Yvon Deshaies, lors d’une séance du conseil municipal de Louiseville en juin 2018.

Crucifix: Yvon Deshaies prône un traitement égal

Louiseville — Yvon Deshaies estime que si le gouvernement du Québec décide de retirer le crucifix de l’Assemblée nationale et qu’une telle consigne est donnée pour les salles de conseil des municipalités, il faudra que tout le monde collabore pour retirer tout signe religieux de ces espaces publics.

Le maire de Louiseville a fait les manchettes il y a près d’un an, alors qu’il manifestait sa volonté de ramener un crucifix dans la salle publique du conseil et la récitation d’une prière avant les séances du conseil.

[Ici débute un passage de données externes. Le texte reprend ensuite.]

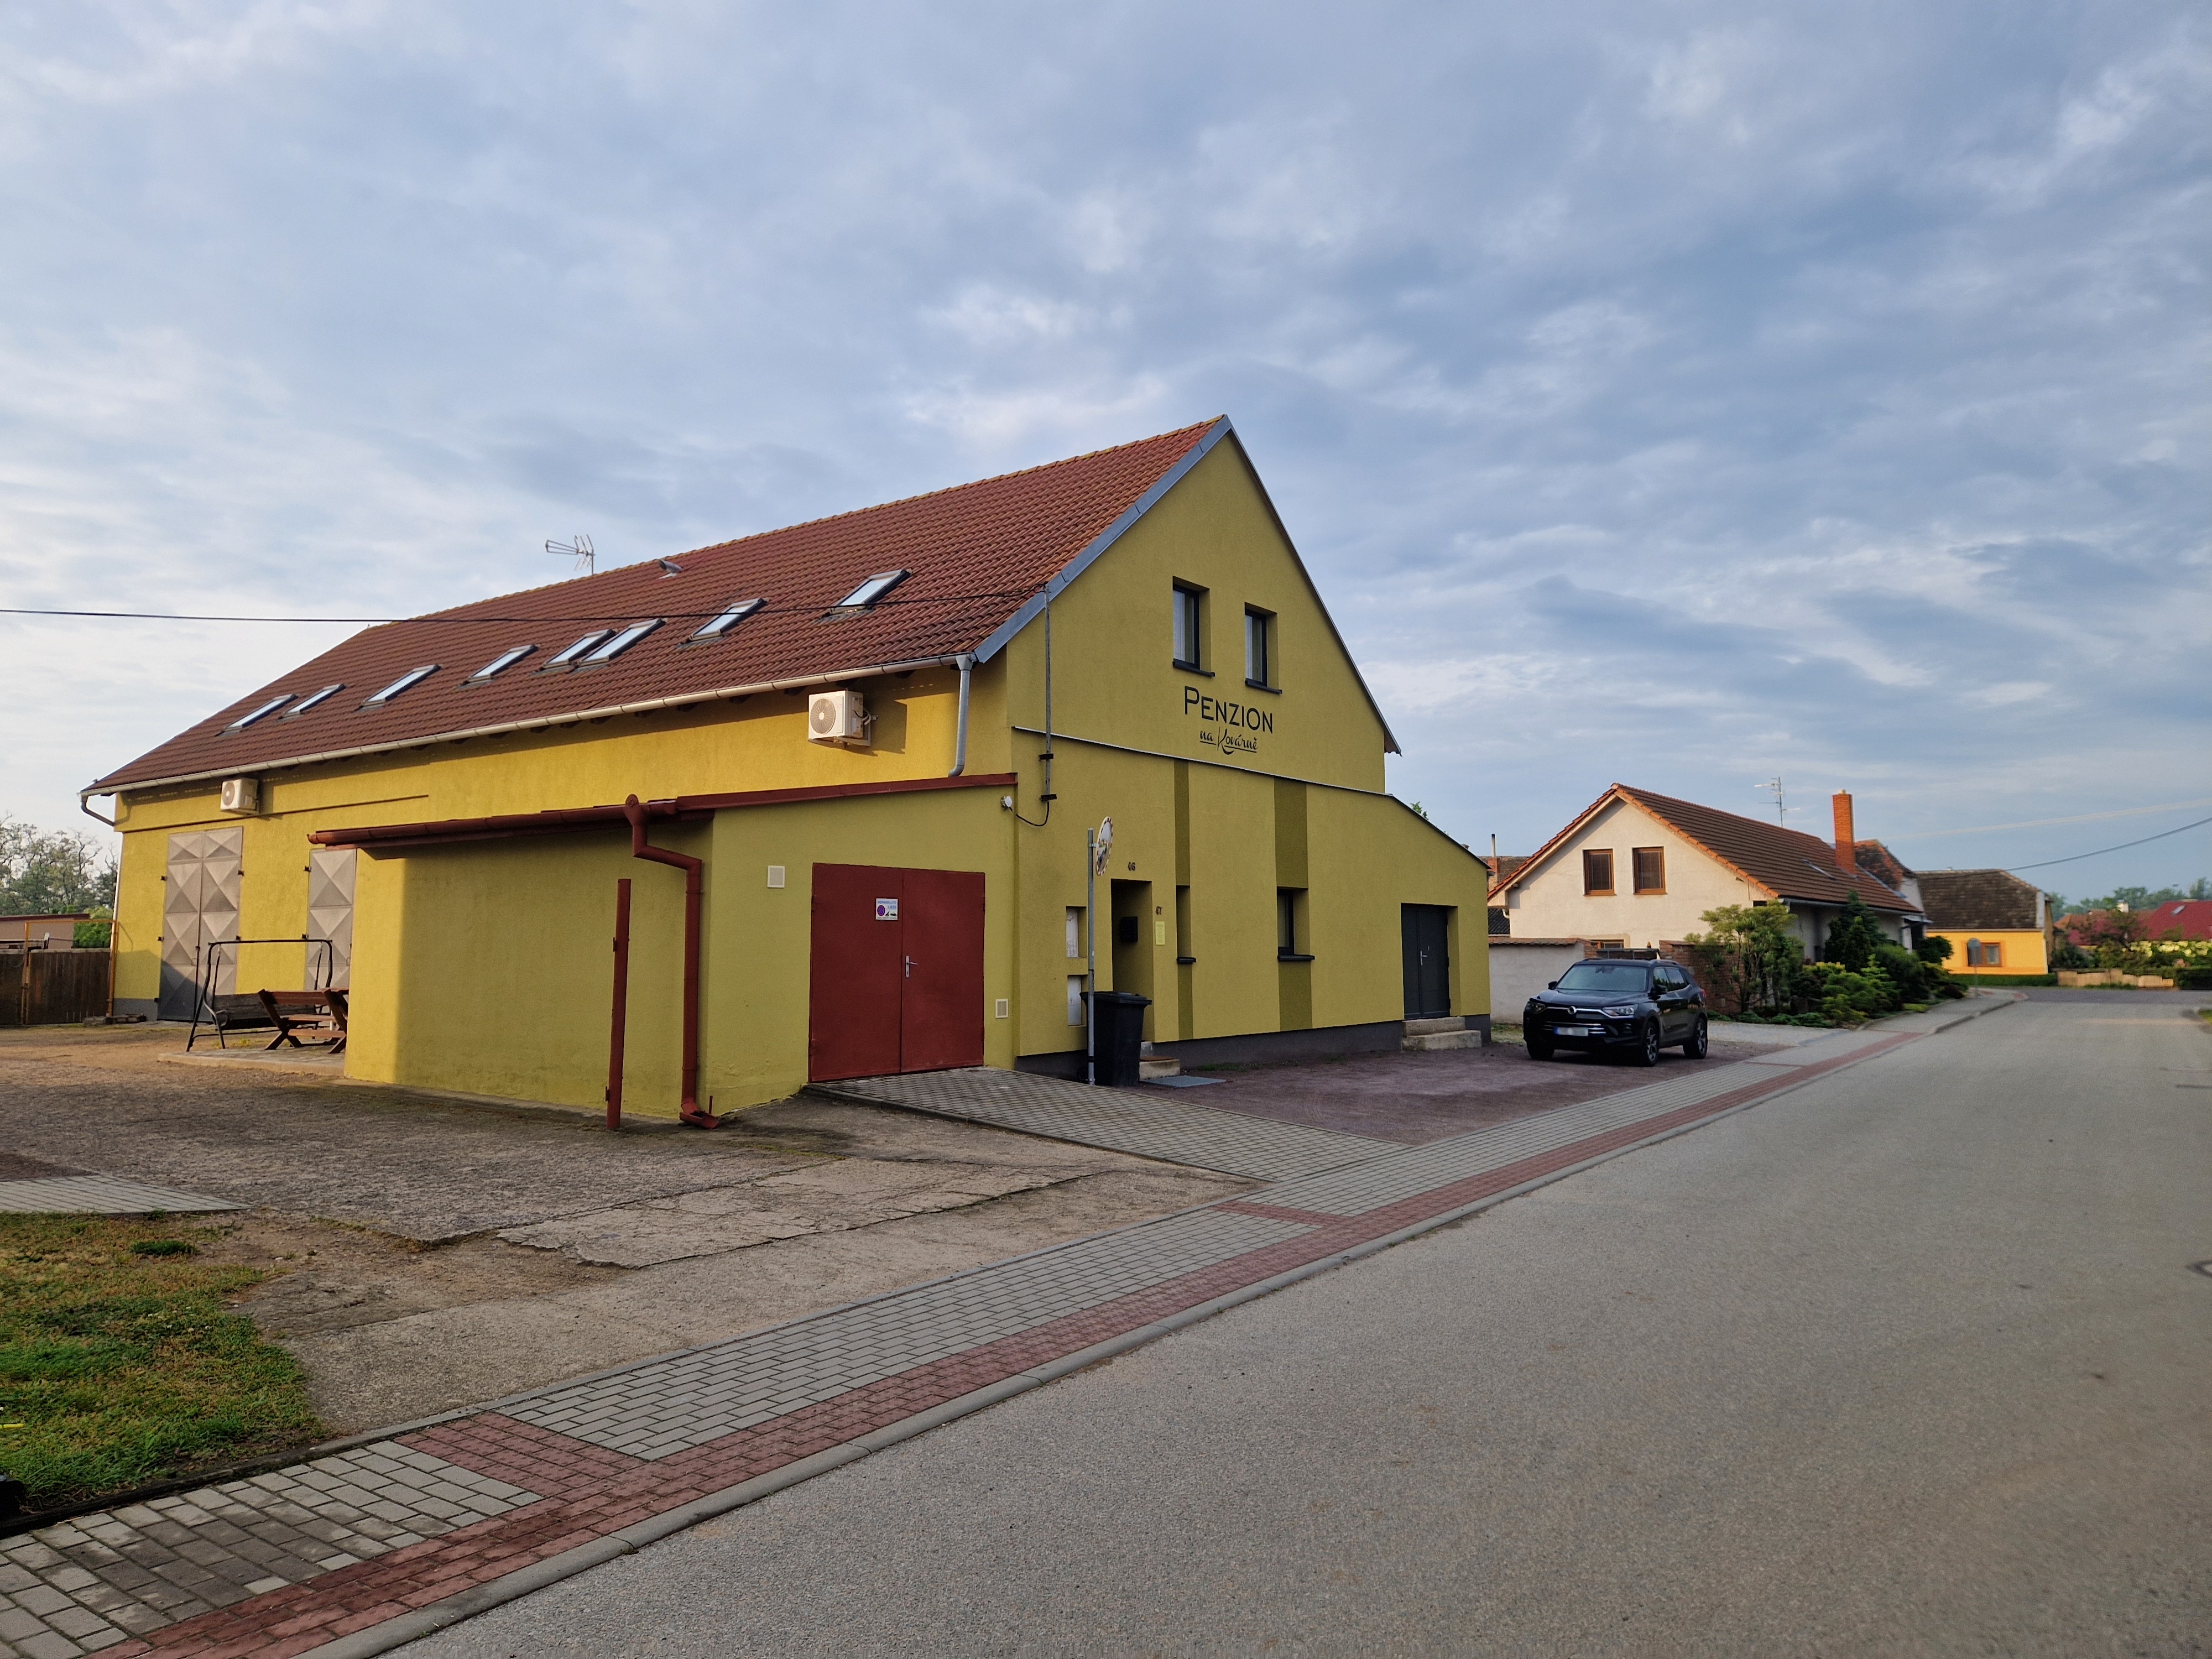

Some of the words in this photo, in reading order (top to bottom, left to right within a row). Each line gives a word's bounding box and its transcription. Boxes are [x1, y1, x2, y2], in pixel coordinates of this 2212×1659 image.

[1185, 685, 1272, 734] PENZION
[1200, 730, 1214, 742] na
[1217, 726, 1258, 755] Kovárně
[1128, 862, 1135, 871] 46
[1155, 906, 1162, 915] 47

Il a clamé son opposition aux accommodements raisonnables. Sachant maintenant que la Ville de Montréal va retirer le crucifix de la salle du conseil et que le premier ministre du Québec, François Legault, ouvre la porte à une telle possibilité concernant le crucifix du Salon bleu de l’Assemblée nationale, Yvon Deshaies souhaite que si cette voie doit devenir la norme, elle devra l’être pour tous.

«On fait quoi avec le sikh qui porte son kirpan? Le juif qui porte la kippa? Si on me dit qu’on enlève tous les crucifix, il faut que ce soit pareil pour les gens qui portent le turban ou la kippa. Il faudra qu’ils l’enlèvent à l’Assemblée nationale, dans les salles de conseil. C’est la même chose pour des métiers comme les policiers ou les enseignants. Il faut qu’on mette ça égal. Et les musulmans ne me causent aucun problème. J’envie les sikhs et les musulmans, car ils se tiennent. Les gens qui me causent un problème sont les Québécois qui sont baptisés et qui ne veulent plus du crucifix.»

M. Deshaies désire que le crucifix demeure accroché dans la salle du conseil de Louiseville. Le conseil récite une version adaptée de l’Ô Canada avant ses séances du conseil. Mais si le gouvernement impose le retrait du crucifix, le maire Deshaies n’en fera pas un combat personnel.

«Je suis pour que le crucifix à l’Assemblée nationale reste là. Mais je ne suis pas borné. On peut faire des compromis. Mais ça doit être pour tout le monde.»